The Company expects that the sales cycle for PACS and teleradiology software
and CR hardware through the OEM, System Integrator sales channels and direct
sales will be longer than that for its other existing hardware products.
Accordingly, the Company's quarterly revenues and operating results may be
subject to greater fluctuation.  Additionally, the Company has limited
experience in marketing, installing and supporting its software and CR
hardware through these sales channels and direct sales, and there can be no
assurance that the Company can obtain the necessary resources to market,
install and support its PACS and teleradiology software and CR hardware in an
efficient, cost-effective and competitive manner.

The Company has limited experience in Internet products and services and there
can be no assurance that AuntMinnie.com will generate significant revenue.
AuntMinnie.com will rely heavily on revenues derived from Internet advertising
and sponsorships under short-term contracts, which are difficult to forecast
accurately and which may prove to be an ineffective means of advertising for
our current and potential customers.  AuntMinnie.com's business services,
while costly to develop, may fail to gain market acceptance.  The Company has
invested a significant amount of money and resources in the creation of
business services, such as facilitating used imaging equipment sales, but such
services are unproven and may fail to gain market acceptance.  Because the
market for these business services is new and evolving, it is difficult to
predict the size of this market and its rate of growth, if any.  If the market
fails to develop, develops more slowly than expected or becomes more
competitive than is currently expected, the Company's business, financial
condition and results of operations would be materially adversely affected.

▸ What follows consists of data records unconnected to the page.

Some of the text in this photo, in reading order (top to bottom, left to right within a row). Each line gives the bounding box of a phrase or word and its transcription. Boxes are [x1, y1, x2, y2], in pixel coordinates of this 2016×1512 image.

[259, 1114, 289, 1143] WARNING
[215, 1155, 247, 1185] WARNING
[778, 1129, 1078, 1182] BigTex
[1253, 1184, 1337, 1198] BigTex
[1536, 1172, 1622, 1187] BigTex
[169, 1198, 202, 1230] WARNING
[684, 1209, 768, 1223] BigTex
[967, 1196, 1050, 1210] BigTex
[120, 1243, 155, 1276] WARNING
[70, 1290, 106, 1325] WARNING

Significant Risks Associated with Acquisitions. The integration of any
acquisition will require special attention from management, which may
temporarily distract its attention from the day-to-day business of the
Company.  Any acquisitions will also require integration of the companies'
product offerings and coordination of research and development and sales and
marketing activities.  Furthermore, as a result of acquisitions, the Company
may enter markets in which it has no or little direct prior experience.  There
can also be no assurance that the Company will be able to retain key technical
personnel of an acquired company or recruit new management personnel for the
acquired businesses, or that the Company will, or may in the future, realize
any benefits as a result of such acquisitions.  Acquisitions by the Company
may result in potentially dilutive issuances of equity securities, the
incurrence of debt, one-time acquisition charges and amortization expenses
related to goodwill and intangible assets, each of which could be significant
and could materially adversely affect the Company's financial condition and
results of operations.  In addition, the Company believes that it may be
required to expand and enhance its financial and management controls,
reporting systems and procedures as it integrates acquisitions.  There can be
no assurance that the Company will be able to do so effectively, and failure
to do so when necessary would have a material adverse effect upon the
Company's business and results of operations.

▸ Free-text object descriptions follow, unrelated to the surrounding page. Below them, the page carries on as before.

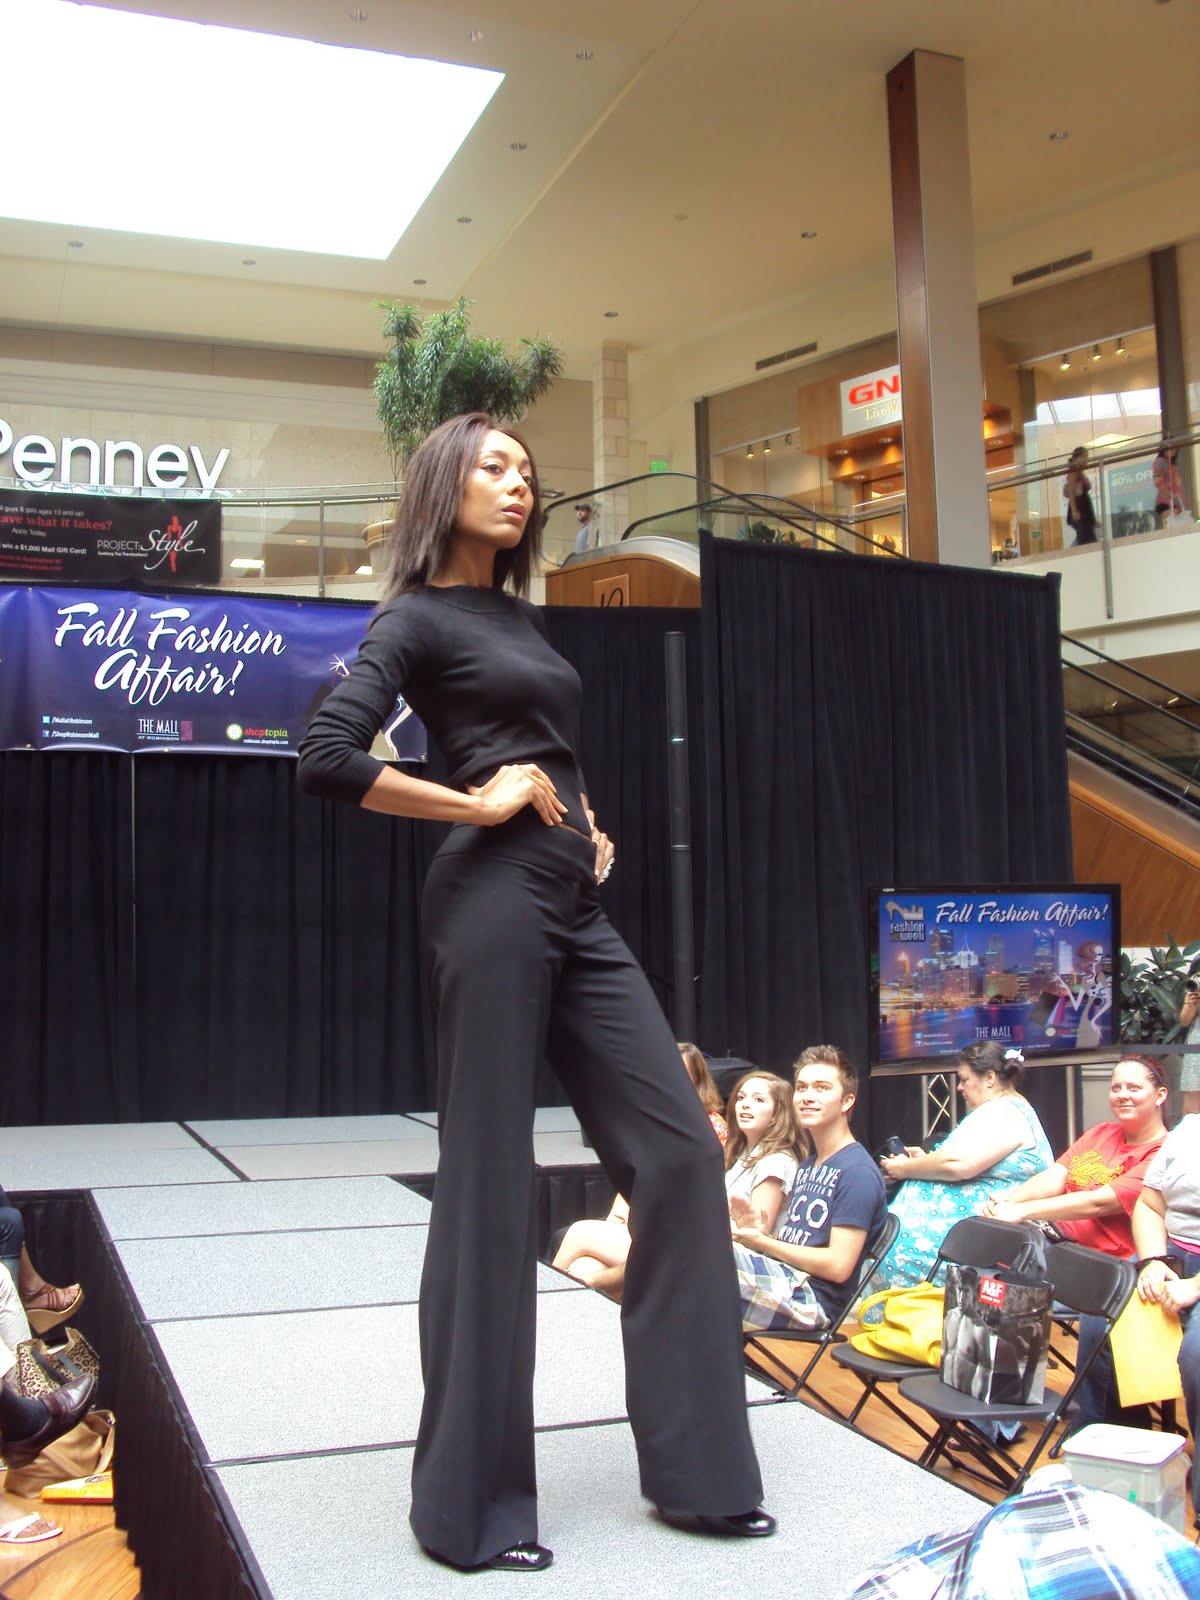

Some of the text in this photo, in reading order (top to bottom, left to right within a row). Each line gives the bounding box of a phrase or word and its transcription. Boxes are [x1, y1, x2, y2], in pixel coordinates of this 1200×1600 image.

[848, 373, 900, 406] GN
[865, 401, 899, 420] LiveW
[0, 514, 113, 531] ave what it takes?
[12, 527, 28, 536] Apply
[20, 543, 41, 552] $1,000
[69, 547, 87, 555] Card!
[97, 519, 206, 571] PROJECT: Style
[54, 602, 287, 656] Fall Fashion
[94, 647, 244, 706] Affair!
[137, 718, 179, 735] THE MALL
[243, 727, 289, 739] shoptopia
[936, 901, 1109, 928] Fall Fashion Affair!
[890, 921, 925, 934] fashion
[900, 930, 925, 941] week
[975, 1025, 1012, 1039] THE MALL
[982, 1279, 1004, 1298] A&F
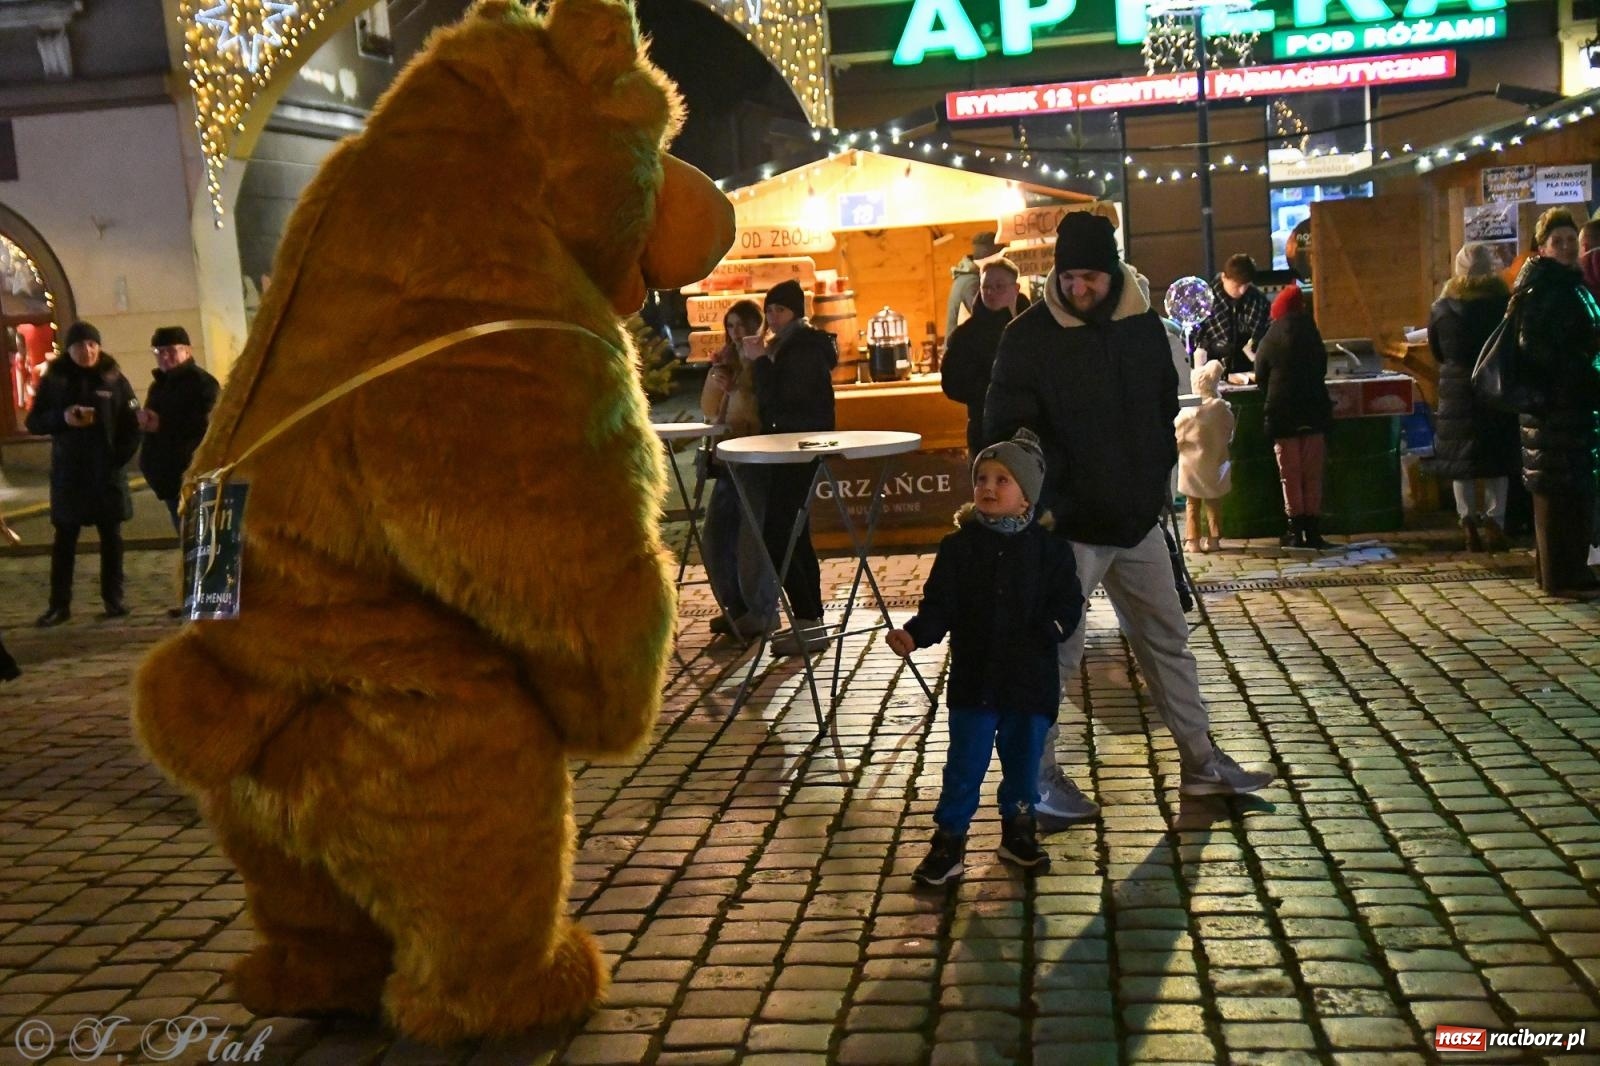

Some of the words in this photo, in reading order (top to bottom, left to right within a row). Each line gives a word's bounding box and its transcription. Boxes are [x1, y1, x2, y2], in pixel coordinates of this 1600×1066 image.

[1286, 30, 1355, 57] POD
[1364, 16, 1496, 49] RÓŻAMI
[955, 90, 1039, 116] RYNEK
[1043, 87, 1073, 109] 12
[1090, 76, 1208, 106] CENTRUM
[741, 231, 763, 249] OD

New Product Development; Rapid Technological Change; Risk in Delays of Product
Development. The market for the Company's products is characterized by rapid
technological advances, changes in customer requirements and frequent new
product introductions and enhancements.  The Company's future success will
depend upon its ability to enhance its current products, to develop and
introduce new products that keep pace with technological developments and to
respond to evolving customer requirements.  Any failure by the Company to
anticipate or respond adequately to technological developments by its
competitors or to changes in customer requirements, or any significant delays
in product development or introduction, could result in a loss of
competitiveness or revenues.  In the past, the Company has experienced delays
in the development and introduction of new products and product enhancements,
and there can be no assurance that the Company will not experience such delays
in the future.  In addition, new product introductions or enhancements by the
Company's competitors or the use of other technologies that do not depend on
film digitization or computed radiography could cause a decline in sales or
loss of market acceptance of the Company's hardware and software products.  In
particular, several companies have announced developments leveraging the
technology used in flat panel displays to produce high-resolution, two
dimensional image sensor arrays that make it possible for x-ray images to be
captured digitally without film or chemical processing.  While this emerging
technology, known as digital radiography ("DR"), is expensive, there can be no
assurance that future advances in this technology or other technologies will
not produce systems better positioned for the marketplace that will therefore
reduce the digitizer and CR market to the then installed base of imaging
systems.  There can be no assurance that the Company will be successful in
developing and marketing new products or product enhancements on a timely or
cost-effective basis, and such failure could have a material adverse effect on
the Company's business and results of operations.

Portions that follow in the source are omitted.